Phrase grounding data
————
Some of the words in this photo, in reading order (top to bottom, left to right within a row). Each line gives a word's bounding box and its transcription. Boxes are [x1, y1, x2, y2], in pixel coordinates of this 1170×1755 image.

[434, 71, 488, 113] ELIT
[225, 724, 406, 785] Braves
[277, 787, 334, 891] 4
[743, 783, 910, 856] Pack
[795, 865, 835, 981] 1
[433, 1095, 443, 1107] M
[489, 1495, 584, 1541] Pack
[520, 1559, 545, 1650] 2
————
Work request: Retype the records above without changing a single word.

Answer:
Some of the words in this photo, in reading order (top to bottom, left to right within a row). Each line gives a word's bounding box and its transcription. Boxes are [x1, y1, x2, y2], in pixel coordinates of this 1170×1755 image.

[434, 71, 488, 113] ELIT
[225, 724, 406, 785] Braves
[277, 787, 334, 891] 4
[743, 783, 910, 856] Pack
[795, 865, 835, 981] 1
[433, 1095, 443, 1107] M
[489, 1495, 584, 1541] Pack
[520, 1559, 545, 1650] 2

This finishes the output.